Claude começou a marcar conteúdos gerados por inteligência artificial


– Publicidade –

A Anthropic introduziu marcas invisíveis nos textos e nos metadados de nos ficheiros e conteúdos criados pelo Claude.

A Anthropic anunciou que começou a marcar os conteúdos gerados pelo Claude, parte dos compromissos assumidos pela empresa ao abrigo do Artigo 50 da Lei da IA, da União Europeia.

Os novos modelos Claude lançados na União Europeia no passado dia 2 de agosto já começaram a incluir esta marcação, mas a Anthropic também a trabalhar na implementação do sistema em modelos lançados anteriormente, que estão ainda estão ativos durante um breve período de transição.

As marcas invisíveis acompanham os textos

Nos textos gerados via Claude, a Anthropic começou a incorporar uma marca de água invisível para o utilizador que, de acordo com a empresa, não deverá alterar o significado ou a legibilidade do conteúdo. A Anthropic explica que como a marca de água é aplicada ao nível do modelo, esta poderá acompanhar o texto quando este é copiado para outro local, como um editor de texto e até sobreviver a alterações e edições.

Nos ficheiros de imagem, nos formatos SVG, PNG e JPG, a marca de água não será visual como costuma ser tradicional. Em vez disso, a plataforma irá atacar os metadados de proveniência assinados de acordo com o padrão aberto C2PA. Estes dados permitem indicar que um ficheiro foi processado pelo Claude e verificar se a informação também posteriormente alterada.
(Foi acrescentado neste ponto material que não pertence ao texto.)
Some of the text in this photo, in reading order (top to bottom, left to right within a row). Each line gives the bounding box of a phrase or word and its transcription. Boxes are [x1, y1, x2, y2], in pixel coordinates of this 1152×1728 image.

Estas marcações serão aplicadas a todos os modelos suportados, independentemente do local onde Claude é utilizado, com a Anthropic a pretender aplica-la no Claude, API, Claude Code, Claude Cowork e Claude Tag, bem como através de serviços como AWS, Google Cloud e Microsoft Foundry, embora nem todas as formas de marcação estejam disponíveis em todas as plataformas.

Nem sempre será possível detetar a marca

A Anthropic pretende também lançar mecanismos para que utilizadores e terceiros possam verificar estas marcas, mas alerta que a sua deteção não é nem conclusiva sobre o uso ou não de IA, nem constitui uma prova de autoria.
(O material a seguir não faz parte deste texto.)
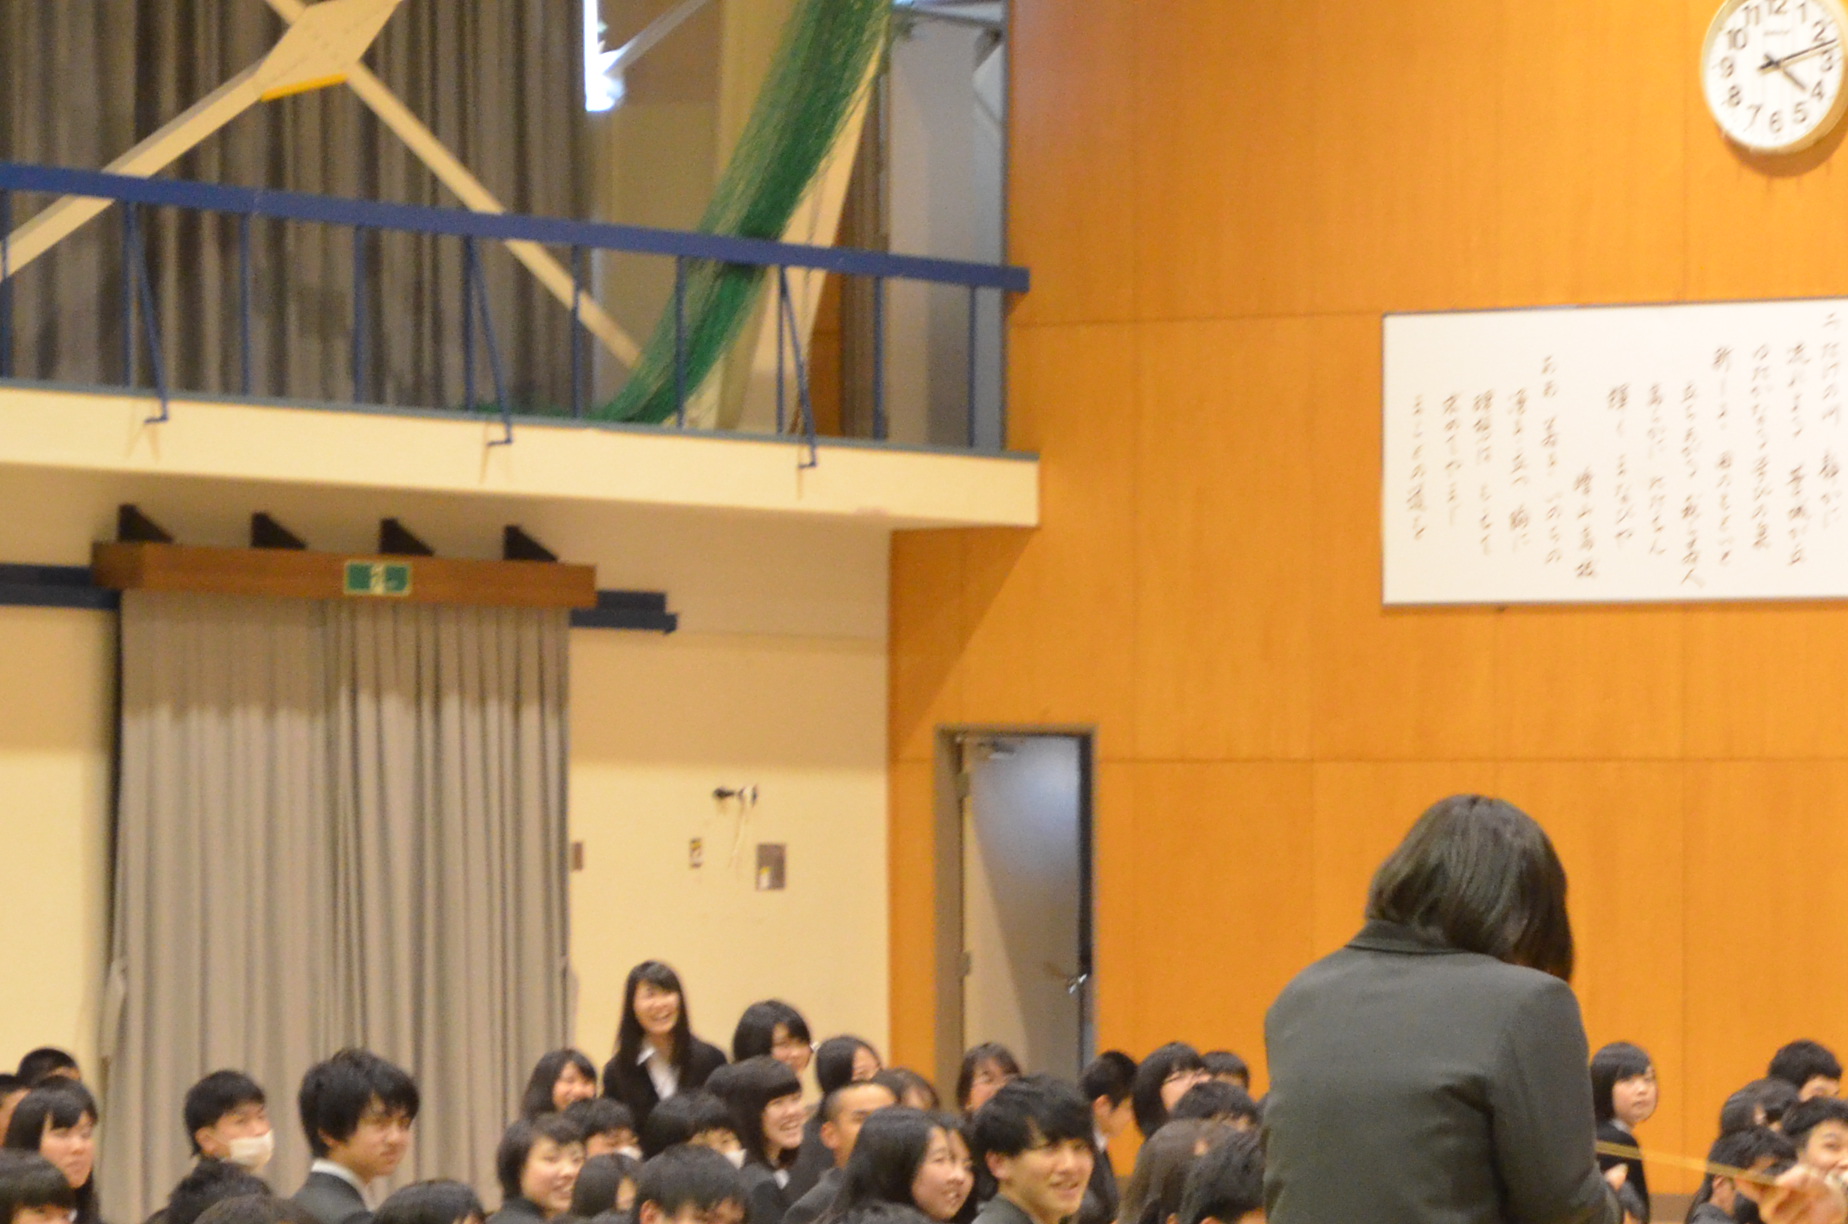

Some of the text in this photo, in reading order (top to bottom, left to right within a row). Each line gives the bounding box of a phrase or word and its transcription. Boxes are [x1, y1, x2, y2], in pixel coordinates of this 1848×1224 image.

Por exemplo, um texto escrito originalmente por uma pessoa e posteriormente revisto, traduzido ou resumido pelo Claude poderá receber uma marca. Por outro lado, edições mais extensas, reformulações ou traduções podem eliminar ou enfraquecer essa marcação. Já nos ficheiros, processos como conversões de formato, novas gravações ou capturas de ecrã podem remover os metadados.

A ausência de uma marca também não significa que o conteúdo não tenha sido gerado ou processado por IA, sobretudo no caso de modelos anteriores à implementação, textos demasiado curtos ou conteúdos que tenham sido significativamente alterados.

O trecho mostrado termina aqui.